Figure 6.38. Structures of the human brain. (a) Development of the three major parts of the brain in a 4-week-old embryo. (b) The major divisions of the adult brain shown in sagittal section. The outer surface of the cerebrum (cortex) is divided into four lobes as shown

Forebrain: The Cerebrum. The larger component of the forebrain, the cerebrum, consists of the right and left cerebral hemispheres as well as associated structures on the underside of the brain. The cerebral hemispheres (Figure 6.39) consist of the cerebral cortex — an outer shell of gray matter composed primarily of cell bodies that give the area a gray appearance — and an inner layer of white matter composed primarily of myelinated fiber tracts. The cerebral cortex overlies cell clusters, also gray matter, collectively termed the subcortical nuclei. The fiber tracts consist of many nerve fibers that bring information into the cerebrum, carry information out, and connect different areas within a hemisphere. Although largely separated by a deep longitudinal division, the cortex layers of the left and right cerebral hemispheres are connected by a massive bundle of nerve fibers known as the corpus callosum.

Figure 6.39. Frontal section of the cerebral hemispheres showing portions of the cerebrum and underlying diencephalon (thalamus and hypothalamus; the epithalamus is not visible in this plane of section). The limbic system is shown in Figure 6.40. The corpus callosum is a fiber tract that connects the two hemispheres, which are folded into gyri and sulci. Some of the fluid-filled ventricles of the brain are also indicated, as is the pituitary gland. The inset shows a simplified depiction of the six-layer organization of the cerebral cortex. Not shown is the extensive degree of neuronal input into the different layers from cells outside the cerebral cortex
Cerebral Cortex. The cerebral cortex of each cerebral hemisphere is divided into four lobes, named after the overlying skull bones: frontal, parietal, occipital, and temporal lobes. Although averaging only 3 mm in thickness, the cerebral cortex is highly folded, resulting in an area containing cortical neurons that is four times larger than it would be without folding, yet without appreciably increasing brain volume. This folding produces the characteristic external appearance of the human cerebrum, with sinuous ridges called gyri (singular, gyrus) separated by grooves called sulci (singular, sulcus).
The cells of the human cerebral cortex are organized in six distinct layers, composed of varying sizes and numbers of two basic cell types: pyramidal cells (named for the shape of their cell bodies) and nonpyramidal cells.

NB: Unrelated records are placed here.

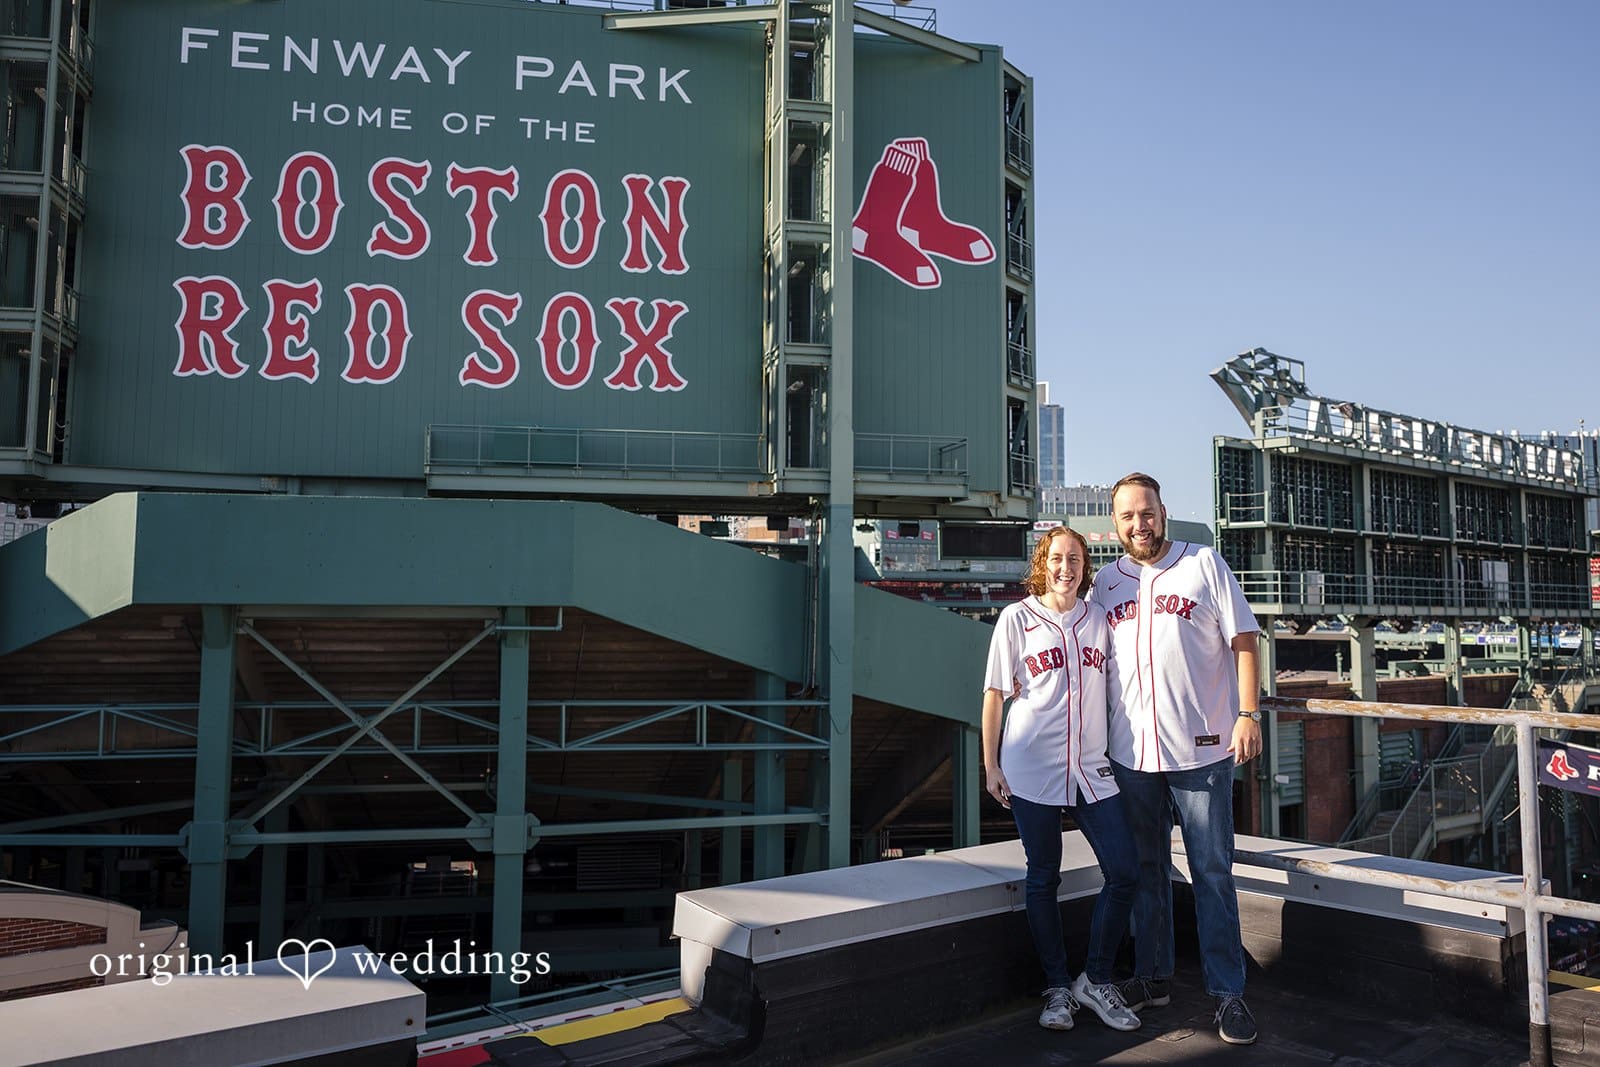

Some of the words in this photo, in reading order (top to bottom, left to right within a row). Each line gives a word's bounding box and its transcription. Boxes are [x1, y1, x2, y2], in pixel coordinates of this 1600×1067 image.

[180, 27, 472, 85] FENWAY
[515, 55, 693, 105] PARK
[292, 100, 412, 130] HOME
[442, 112, 496, 136] OF
[519, 117, 597, 144] THE
[175, 143, 692, 276] BOSTON
[171, 274, 414, 386] RED
[458, 288, 690, 393] SOX
[1106, 600, 1137, 630] RED
[1154, 594, 1199, 620] SOX
[1025, 646, 1065, 678] RED
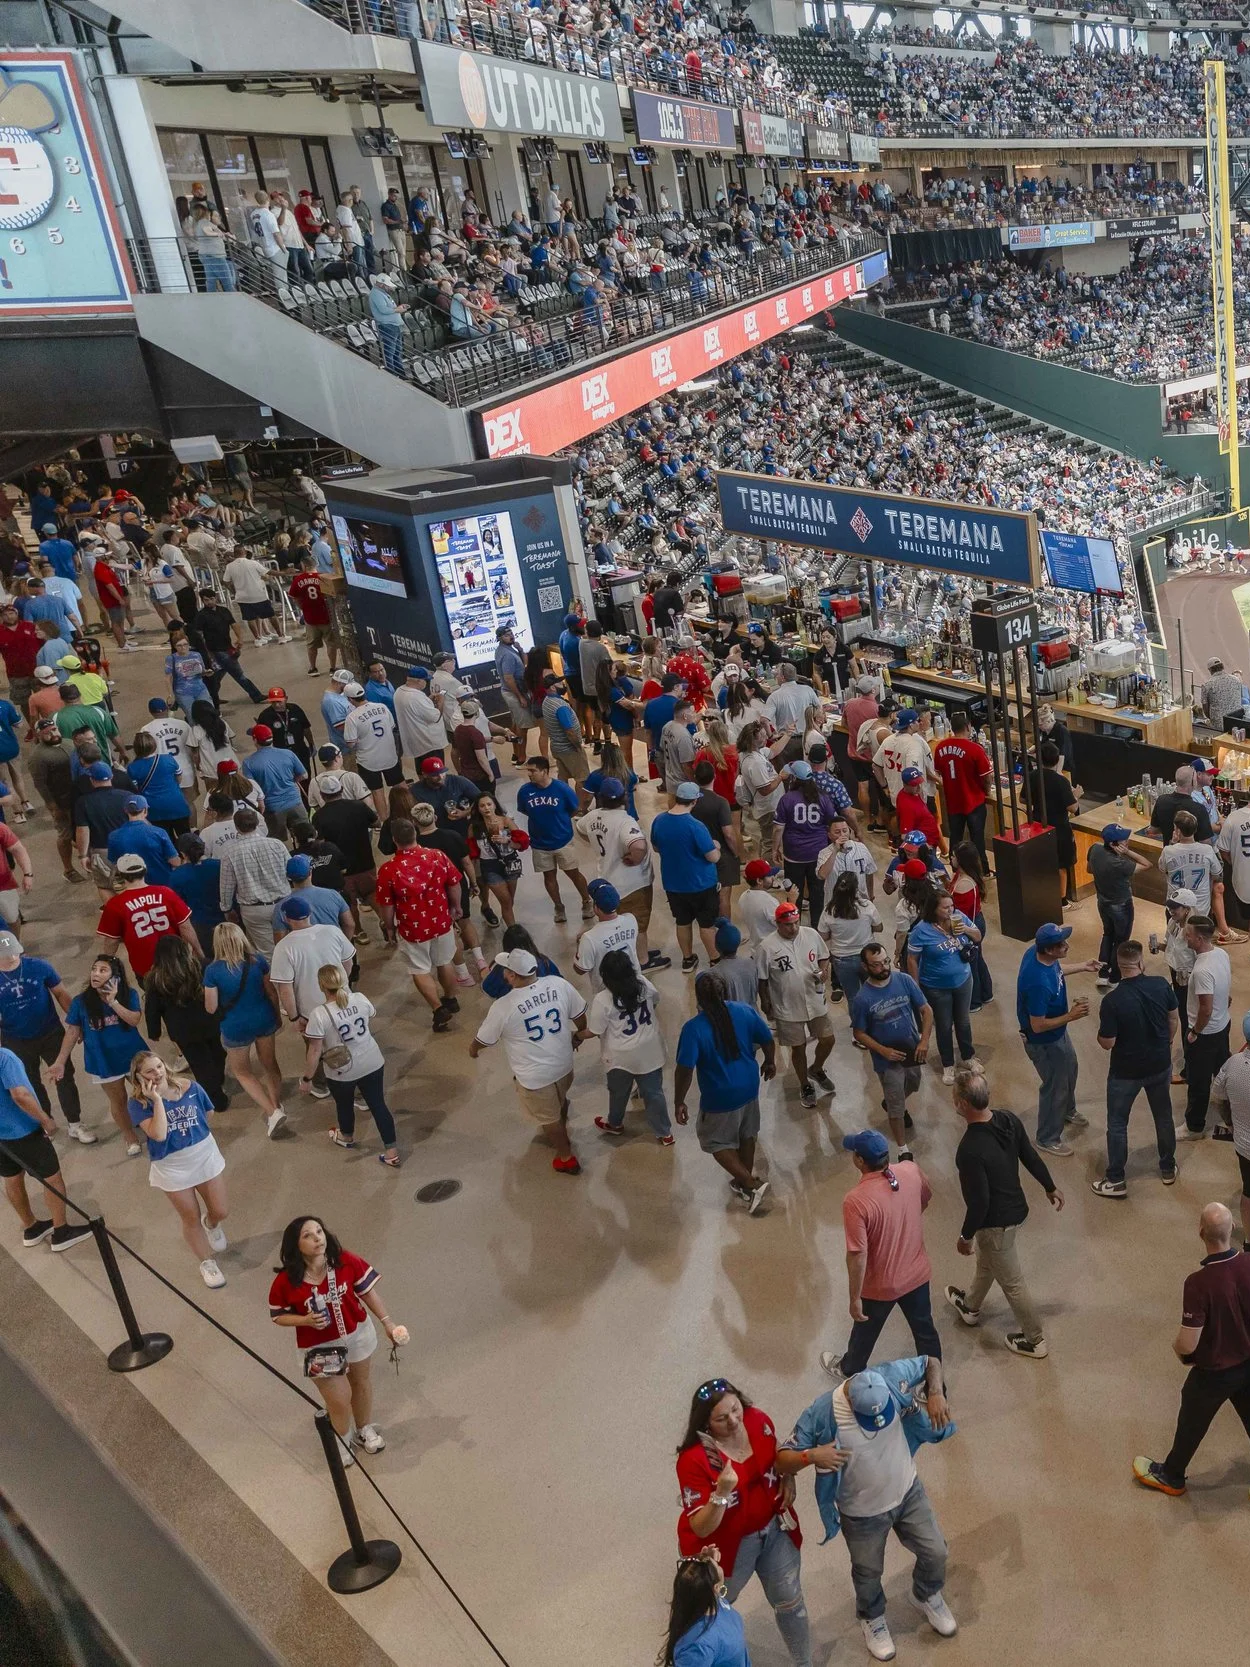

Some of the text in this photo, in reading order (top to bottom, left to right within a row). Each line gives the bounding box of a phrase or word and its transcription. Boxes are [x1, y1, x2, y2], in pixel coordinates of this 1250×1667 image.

Pyramidal cells form the major output cells of the cerebral cortex, sending their axons to other parts of the cortex and to other CNS regions. Nonpyramidal cells are mostly involved in receiving inputs into the cerebral cortex and in local information processing. This elaboration into multiple cell layers, like the highly folded structure, allows for increased number and integration of neurons for signal processing. Such specialization of structural surface area to enhance function affirms the general principle of physiology that structure and function are related. Indeed, an increase in the number of cell layers in the cerebral cortex has paralleled the increase in behavioral and cognitive complexity in vertebrate evolution — for example, reptiles have just three layers, dolphins have five, and some regions of the human brain with ancient evolutionary origins (such as the olfactory cortex) persist in having only three cell layers.

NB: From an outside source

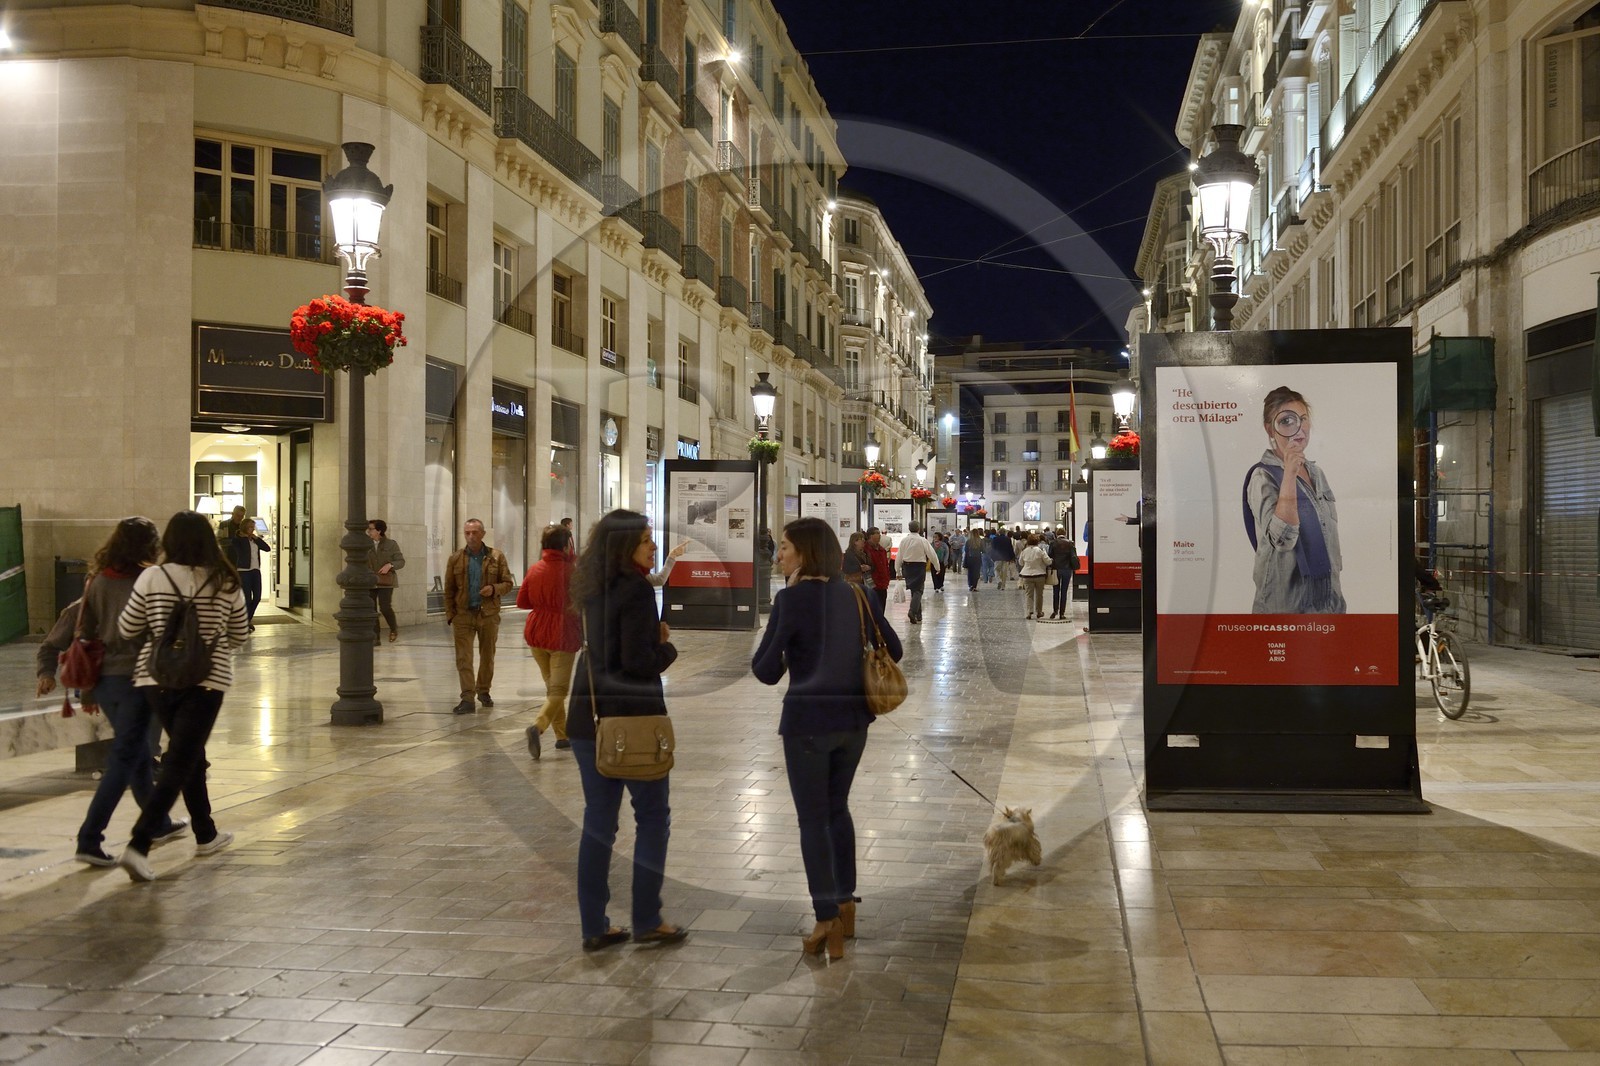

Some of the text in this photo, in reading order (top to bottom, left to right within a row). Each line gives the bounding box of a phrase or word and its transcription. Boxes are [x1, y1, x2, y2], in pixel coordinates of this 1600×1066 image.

[278, 353, 314, 370] Dutt
[1172, 400, 1238, 410] descubierto
[1172, 414, 1195, 423] otra
[1173, 540, 1195, 548] Maite

The cerebral cortex is one of the most complex integrating areas of the nervous system. Here, basic afferent information is collected and processed into meaningful perceptual images, and control over systems that govern skeletal muscle movement is refined. Nerve fibers enter the cerebral cortex predominantly from the diencephalon and brainstem areas; extensive signaling also occurs between areas within the cerebral cortex. Some input fibers convey information about specific environmental events, whereas others control levels of cortical excitability, determine states of arousal, and direct attention to specific stimuli.
Basal Nuclei. The subcortical nuclei are heterogeneous groups of gray matter lying deep within the cerebral hemispheres. Predominant among them are the basal nuclei (often, though less correctly, referred to as basal ganglia), which have important functions in controlling movement and posture as well as more complex aspects of behavior.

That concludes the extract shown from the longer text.